Go through the records and write each one out again exactly.

# # # #

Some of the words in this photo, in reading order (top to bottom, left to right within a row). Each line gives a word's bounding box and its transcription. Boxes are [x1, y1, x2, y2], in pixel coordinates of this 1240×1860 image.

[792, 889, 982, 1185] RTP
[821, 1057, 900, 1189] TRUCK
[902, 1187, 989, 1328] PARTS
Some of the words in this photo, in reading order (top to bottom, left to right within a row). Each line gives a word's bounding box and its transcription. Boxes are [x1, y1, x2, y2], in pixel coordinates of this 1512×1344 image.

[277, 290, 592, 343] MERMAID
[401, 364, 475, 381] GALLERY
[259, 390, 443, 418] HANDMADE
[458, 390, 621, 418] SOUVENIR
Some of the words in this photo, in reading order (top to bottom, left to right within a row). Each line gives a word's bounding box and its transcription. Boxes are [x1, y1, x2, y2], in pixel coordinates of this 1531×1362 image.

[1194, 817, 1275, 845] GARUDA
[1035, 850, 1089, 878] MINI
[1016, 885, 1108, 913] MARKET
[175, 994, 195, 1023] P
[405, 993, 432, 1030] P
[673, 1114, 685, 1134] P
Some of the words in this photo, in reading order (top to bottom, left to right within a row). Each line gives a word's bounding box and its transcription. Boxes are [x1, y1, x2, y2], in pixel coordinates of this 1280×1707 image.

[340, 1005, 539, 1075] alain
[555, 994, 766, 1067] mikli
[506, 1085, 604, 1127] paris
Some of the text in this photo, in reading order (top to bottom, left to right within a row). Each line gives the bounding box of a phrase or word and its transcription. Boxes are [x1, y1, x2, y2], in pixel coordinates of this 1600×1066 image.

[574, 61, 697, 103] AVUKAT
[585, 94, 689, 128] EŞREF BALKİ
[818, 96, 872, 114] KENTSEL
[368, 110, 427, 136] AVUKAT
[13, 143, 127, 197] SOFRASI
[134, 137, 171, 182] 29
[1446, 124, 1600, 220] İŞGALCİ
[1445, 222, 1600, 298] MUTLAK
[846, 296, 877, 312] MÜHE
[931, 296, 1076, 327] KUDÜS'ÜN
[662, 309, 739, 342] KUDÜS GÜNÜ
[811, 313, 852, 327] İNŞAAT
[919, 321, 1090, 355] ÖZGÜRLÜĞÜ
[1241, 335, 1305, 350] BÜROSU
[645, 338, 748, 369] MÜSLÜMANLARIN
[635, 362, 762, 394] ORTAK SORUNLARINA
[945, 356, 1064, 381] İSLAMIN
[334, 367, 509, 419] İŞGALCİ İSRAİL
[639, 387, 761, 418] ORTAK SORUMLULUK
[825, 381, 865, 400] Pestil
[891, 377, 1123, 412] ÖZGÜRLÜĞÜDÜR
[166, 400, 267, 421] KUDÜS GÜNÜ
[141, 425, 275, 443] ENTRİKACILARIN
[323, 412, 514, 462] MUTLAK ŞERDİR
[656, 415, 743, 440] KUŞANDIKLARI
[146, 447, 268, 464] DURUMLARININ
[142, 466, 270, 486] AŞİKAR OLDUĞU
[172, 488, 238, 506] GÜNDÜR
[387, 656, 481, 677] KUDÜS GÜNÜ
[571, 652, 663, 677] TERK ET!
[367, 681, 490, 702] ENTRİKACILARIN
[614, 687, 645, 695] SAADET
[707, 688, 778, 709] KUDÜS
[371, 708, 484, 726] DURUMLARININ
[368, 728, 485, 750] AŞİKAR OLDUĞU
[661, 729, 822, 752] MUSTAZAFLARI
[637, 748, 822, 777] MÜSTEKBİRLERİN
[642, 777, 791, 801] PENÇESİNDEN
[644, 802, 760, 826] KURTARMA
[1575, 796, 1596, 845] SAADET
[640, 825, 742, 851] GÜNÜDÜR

# # # #

EXPECTED ANSWER:
Some of the words in this photo, in reading order (top to bottom, left to right within a row). Each line gives a word's bounding box and its transcription. Boxes are [x1, y1, x2, y2], in pixel coordinates of this 1240×1860 image.

[792, 889, 982, 1185] RTP
[821, 1057, 900, 1189] TRUCK
[902, 1187, 989, 1328] PARTS
Some of the words in this photo, in reading order (top to bottom, left to right within a row). Each line gives a word's bounding box and its transcription. Boxes are [x1, y1, x2, y2], in pixel coordinates of this 1512×1344 image.

[277, 290, 592, 343] MERMAID
[401, 364, 475, 381] GALLERY
[259, 390, 443, 418] HANDMADE
[458, 390, 621, 418] SOUVENIR
Some of the words in this photo, in reading order (top to bottom, left to right within a row). Each line gives a word's bounding box and its transcription. Boxes are [x1, y1, x2, y2], in pixel coordinates of this 1531×1362 image.

[1194, 817, 1275, 845] GARUDA
[1035, 850, 1089, 878] MINI
[1016, 885, 1108, 913] MARKET
[175, 994, 195, 1023] P
[405, 993, 432, 1030] P
[673, 1114, 685, 1134] P
Some of the words in this photo, in reading order (top to bottom, left to right within a row). Each line gives a word's bounding box and its transcription. Boxes are [x1, y1, x2, y2], in pixel coordinates of this 1280×1707 image.

[340, 1005, 539, 1075] alain
[555, 994, 766, 1067] mikli
[506, 1085, 604, 1127] paris
Some of the text in this photo, in reading order (top to bottom, left to right within a row). Each line gives the bounding box of a phrase or word and its transcription. Boxes are [x1, y1, x2, y2], in pixel coordinates of this 1600×1066 image.

[574, 61, 697, 103] AVUKAT
[585, 94, 689, 128] EŞREF BALKİ
[818, 96, 872, 114] KENTSEL
[368, 110, 427, 136] AVUKAT
[13, 143, 127, 197] SOFRASI
[134, 137, 171, 182] 29
[1446, 124, 1600, 220] İŞGALCİ
[1445, 222, 1600, 298] MUTLAK
[846, 296, 877, 312] MÜHE
[931, 296, 1076, 327] KUDÜS'ÜN
[662, 309, 739, 342] KUDÜS GÜNÜ
[811, 313, 852, 327] İNŞAAT
[919, 321, 1090, 355] ÖZGÜRLÜĞÜ
[1241, 335, 1305, 350] BÜROSU
[645, 338, 748, 369] MÜSLÜMANLARIN
[635, 362, 762, 394] ORTAK SORUNLARINA
[945, 356, 1064, 381] İSLAMIN
[334, 367, 509, 419] İŞGALCİ İSRAİL
[639, 387, 761, 418] ORTAK SORUMLULUK
[825, 381, 865, 400] Pestil
[891, 377, 1123, 412] ÖZGÜRLÜĞÜDÜR
[166, 400, 267, 421] KUDÜS GÜNÜ
[141, 425, 275, 443] ENTRİKACILARIN
[323, 412, 514, 462] MUTLAK ŞERDİR
[656, 415, 743, 440] KUŞANDIKLARI
[146, 447, 268, 464] DURUMLARININ
[142, 466, 270, 486] AŞİKAR OLDUĞU
[172, 488, 238, 506] GÜNDÜR
[387, 656, 481, 677] KUDÜS GÜNÜ
[571, 652, 663, 677] TERK ET!
[367, 681, 490, 702] ENTRİKACILARIN
[614, 687, 645, 695] SAADET
[707, 688, 778, 709] KUDÜS
[371, 708, 484, 726] DURUMLARININ
[368, 728, 485, 750] AŞİKAR OLDUĞU
[661, 729, 822, 752] MUSTAZAFLARI
[637, 748, 822, 777] MÜSTEKBİRLERİN
[642, 777, 791, 801] PENÇESİNDEN
[644, 802, 760, 826] KURTARMA
[1575, 796, 1596, 845] SAADET
[640, 825, 742, 851] GÜNÜDÜR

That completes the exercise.